Data for the task:
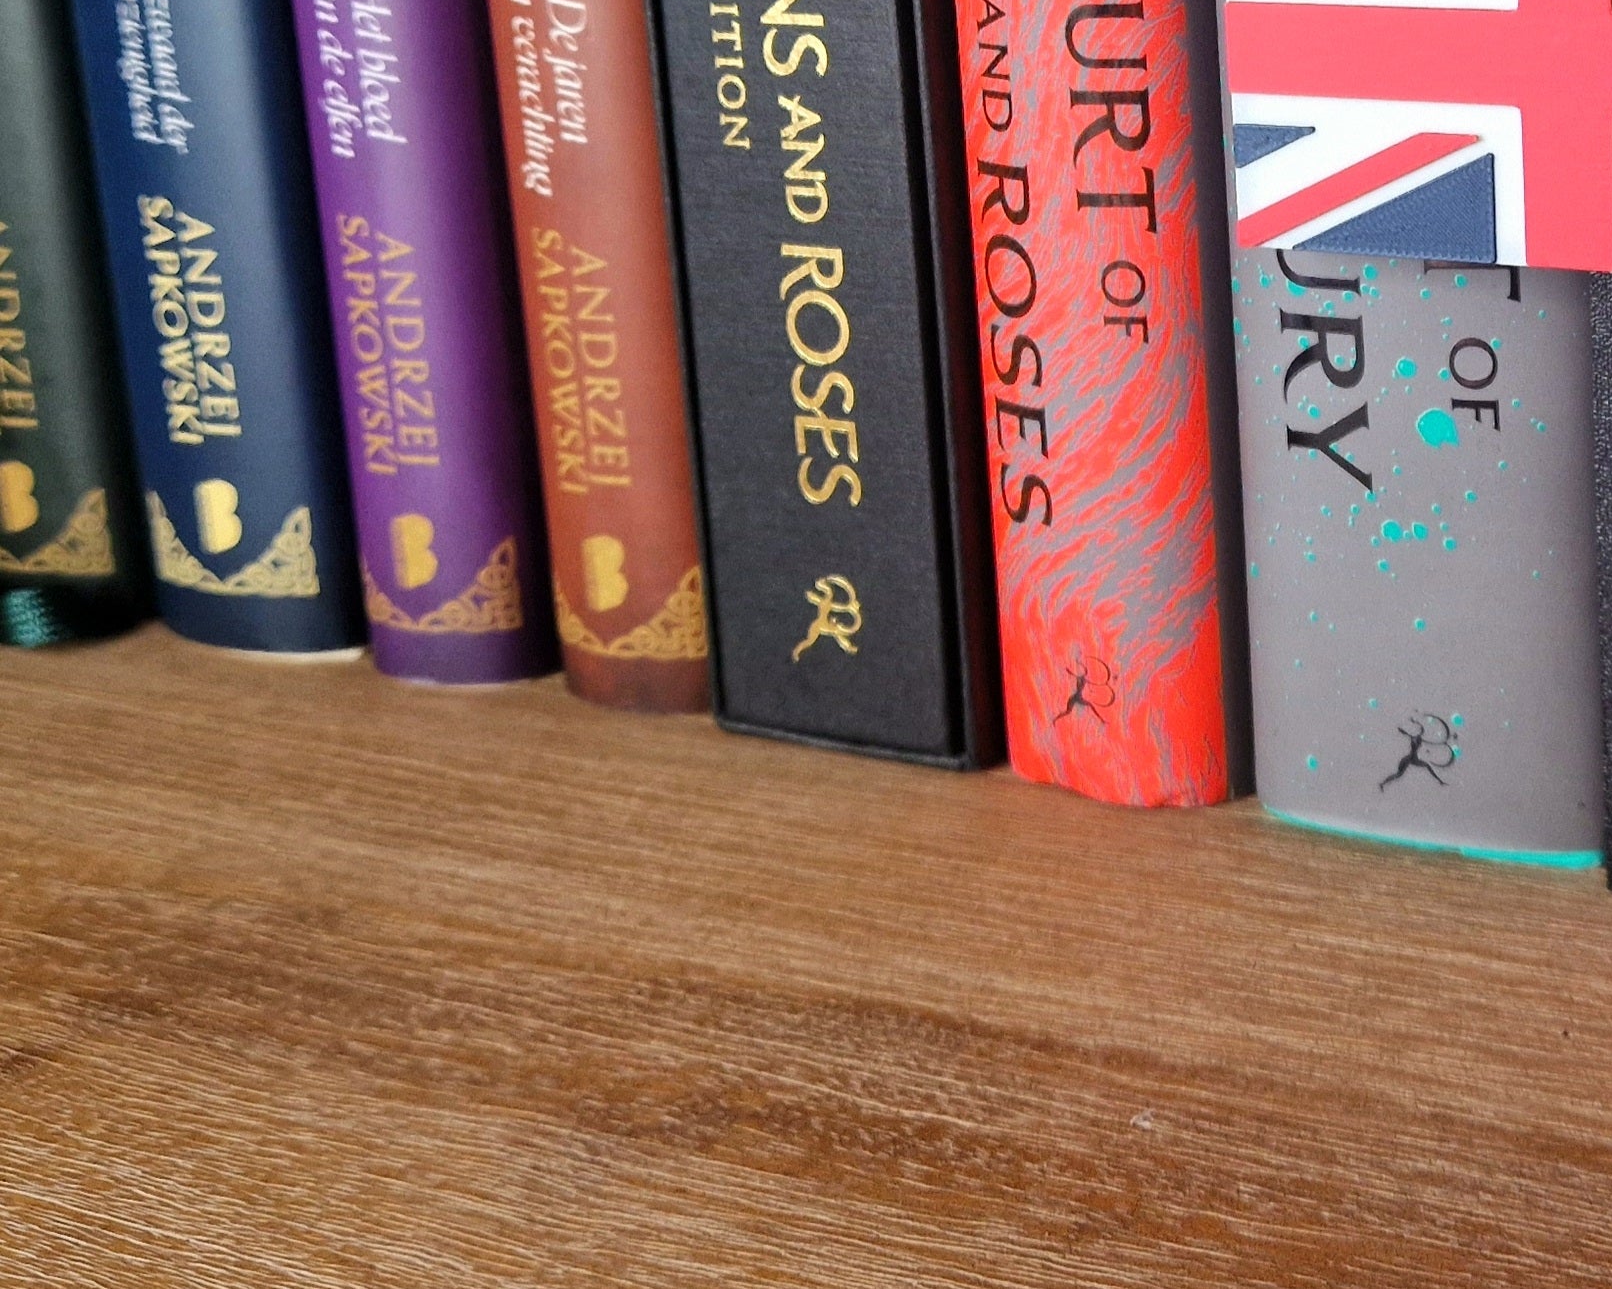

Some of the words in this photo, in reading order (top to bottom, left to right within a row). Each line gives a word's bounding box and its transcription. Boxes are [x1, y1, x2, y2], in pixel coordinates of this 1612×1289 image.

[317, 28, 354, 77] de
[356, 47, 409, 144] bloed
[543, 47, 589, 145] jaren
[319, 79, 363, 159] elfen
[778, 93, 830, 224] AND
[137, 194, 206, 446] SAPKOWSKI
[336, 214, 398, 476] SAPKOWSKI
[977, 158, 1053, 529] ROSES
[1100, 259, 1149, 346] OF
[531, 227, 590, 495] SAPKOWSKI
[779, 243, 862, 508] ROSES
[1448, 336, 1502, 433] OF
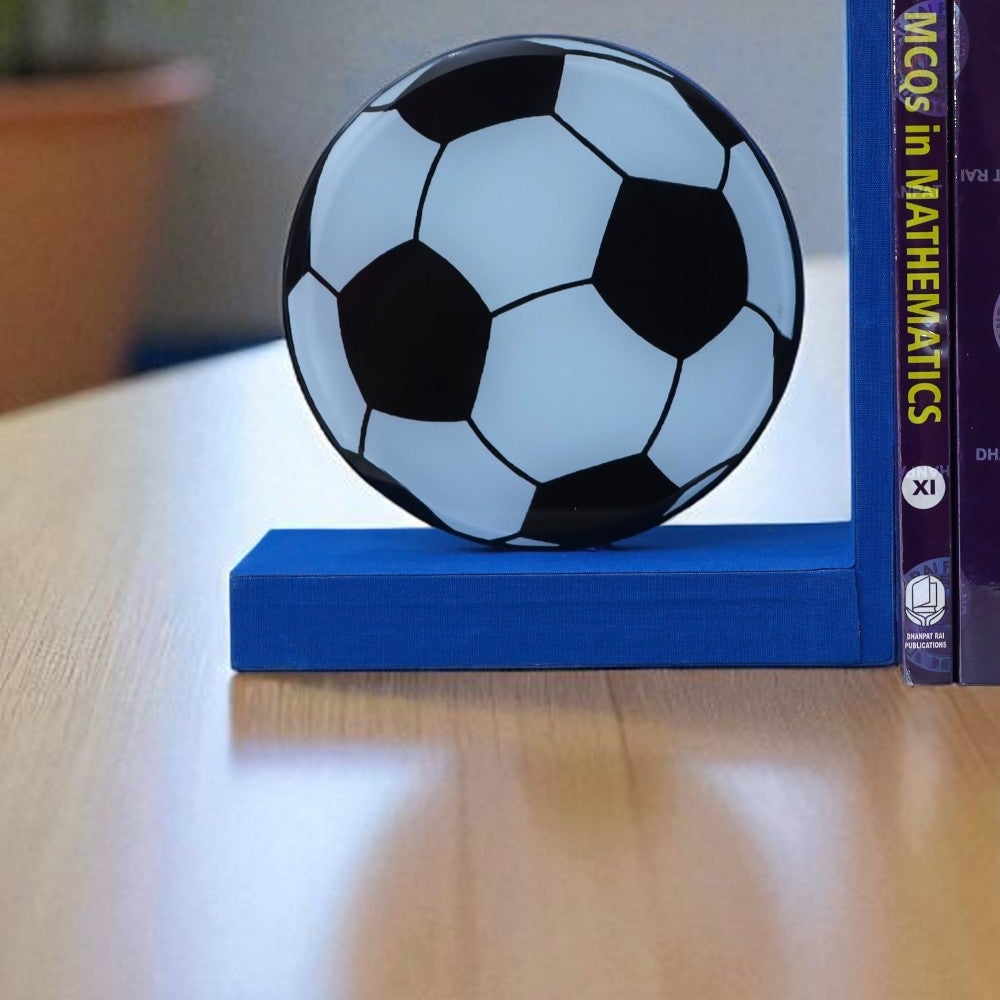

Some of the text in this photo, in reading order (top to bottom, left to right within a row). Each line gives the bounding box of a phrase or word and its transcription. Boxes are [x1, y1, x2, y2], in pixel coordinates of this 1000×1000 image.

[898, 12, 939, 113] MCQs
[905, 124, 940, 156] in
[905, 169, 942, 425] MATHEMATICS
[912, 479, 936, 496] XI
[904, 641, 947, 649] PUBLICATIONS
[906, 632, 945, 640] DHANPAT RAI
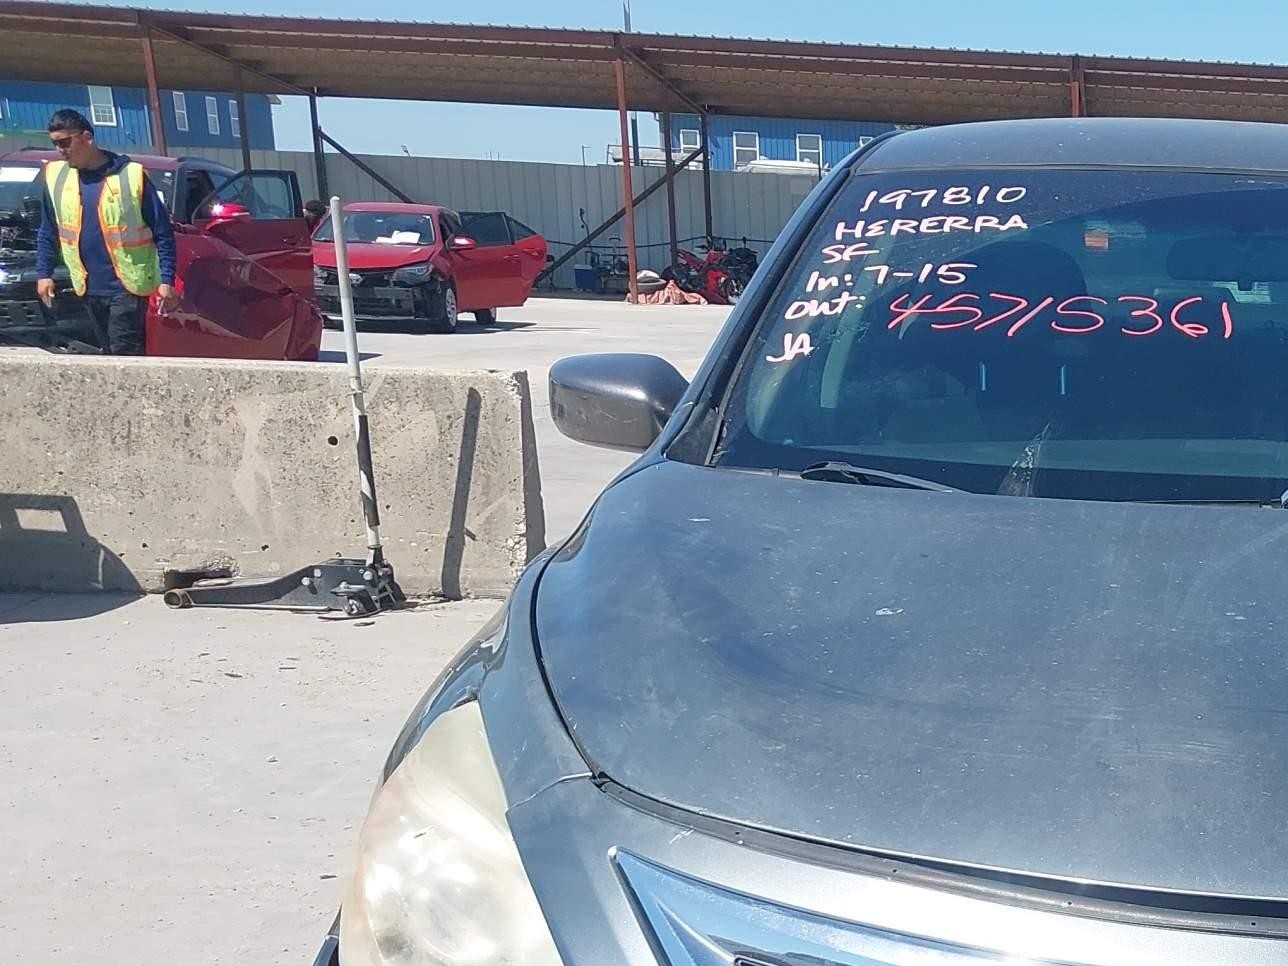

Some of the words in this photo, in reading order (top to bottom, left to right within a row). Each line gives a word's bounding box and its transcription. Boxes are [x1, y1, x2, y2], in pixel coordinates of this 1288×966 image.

Work to be completed: All of the material above is to be retyped exactly, with no pictures included.

Exercise solution:
Some of the words in this photo, in reading order (top to bottom, left to right within a row). Each line gives a word's bounding box and its transcription. Boxes are [x1, y1, x2, y2], in pixel coordinates of this 1612×1289 image.

[317, 28, 354, 77] de
[356, 47, 409, 144] bloed
[543, 47, 589, 145] jaren
[319, 79, 363, 159] elfen
[778, 93, 830, 224] AND
[137, 194, 206, 446] SAPKOWSKI
[336, 214, 398, 476] SAPKOWSKI
[977, 158, 1053, 529] ROSES
[1100, 259, 1149, 346] OF
[531, 227, 590, 495] SAPKOWSKI
[779, 243, 862, 508] ROSES
[1448, 336, 1502, 433] OF

Some of the text in this photo, in reading order (top to bottom, left to right within a row). Each line gives the bounding box of a phrase or word and its transcription. Boxes are [x1, y1, x2, y2], in pixel coordinates of this 1000×1000 image.

[898, 12, 939, 113] MCQs
[905, 124, 940, 156] in
[905, 169, 942, 425] MATHEMATICS
[912, 479, 936, 496] XI
[904, 641, 947, 649] PUBLICATIONS
[906, 632, 945, 640] DHANPAT RAI

Some of the words in this photo, in reading order (top to bottom, left to right within a row). Each line gives a word's bounding box and its transcription. Boxes are [x1, y1, x2, y2], in pixel coordinates of this 1288×966 image.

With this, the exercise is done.